London, December 3 : A new study has revealed that two-thirds of British employers keep a check on how many times their employees spend surfing the Internet, and which websites they visit.
An equal number of employers also block "inappropriate" websites, according to the Chartered Management Institute poll of 1,000 managers aged 35.
The survey revealed that older bosses frequently saw the internet as "a massive time-waster" rather than a potentially useful way to work.
It even revealed that one in six managers under 35 considered their employers to be "dinosaurs" when it came to adopting the latest web trends.
Only 49 per cent of those surveyed said that their organisation only "takes up things once they've been tried and tested".

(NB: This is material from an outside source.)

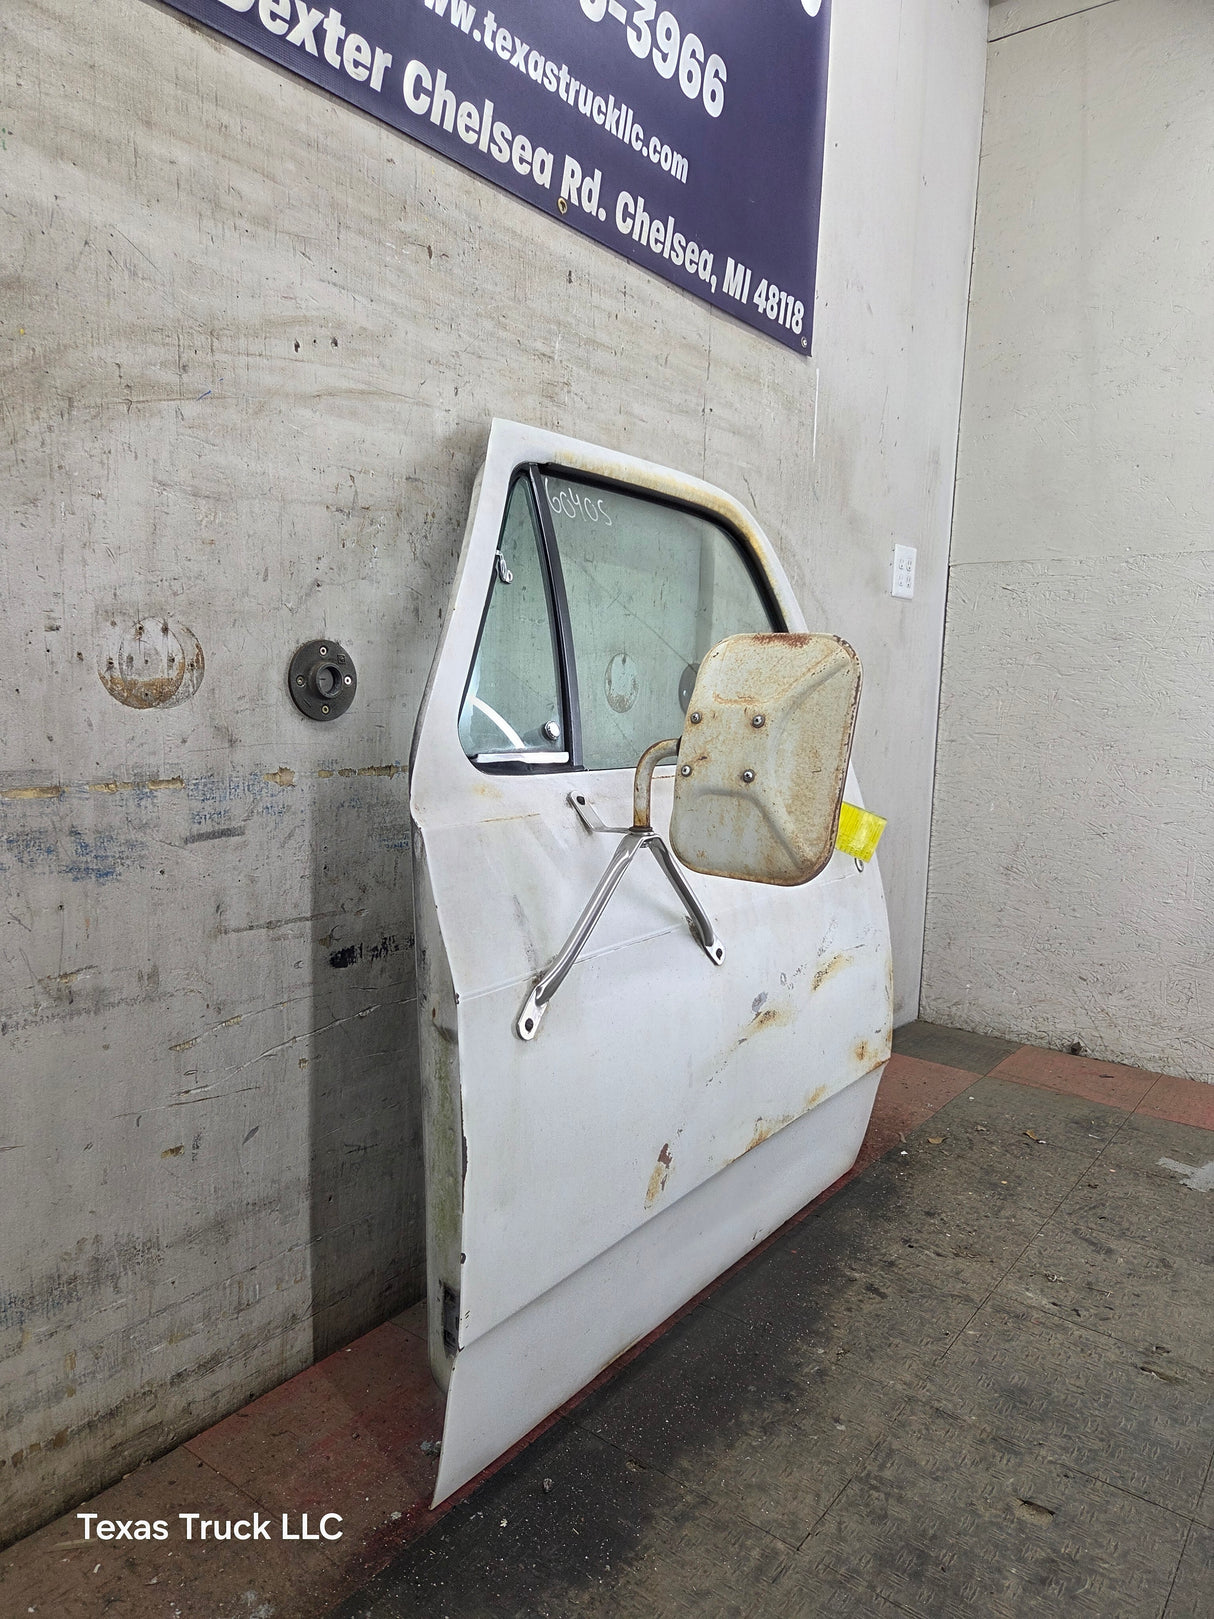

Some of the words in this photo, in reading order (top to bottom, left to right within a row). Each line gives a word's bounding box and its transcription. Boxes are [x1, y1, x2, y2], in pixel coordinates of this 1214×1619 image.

There were only four per cent of the people who said that their employer "falls in love with the latest trend".
"Younger managers are growing up with much greater familiarity of technology and are comfortable using technologies such as mobile video, television on-demand, or information services such as Google and Wikipedia," the Telegraph quoted Jo Causon, director of marketing and corporate affairs at the CMI, as saying.
"Quite clearly, organisations need to harness the comfort levels these individuals have with Internet-based resources, because failure to do so will lead to frustration and the loss of top talent at best, or worse, an open door for competitors to build advantage through a better equipped and enabled workforce," Causon added.
The survey also brought to light the fact that public bodies tended to be more restrictive than private companies.
While 65 per cent of organisations monitored usage, in local government that rose to 86 per cent, and in the police 88 per cent.
The survey showed that 89 per cent of local government bodies blocked "inappropriate" sites.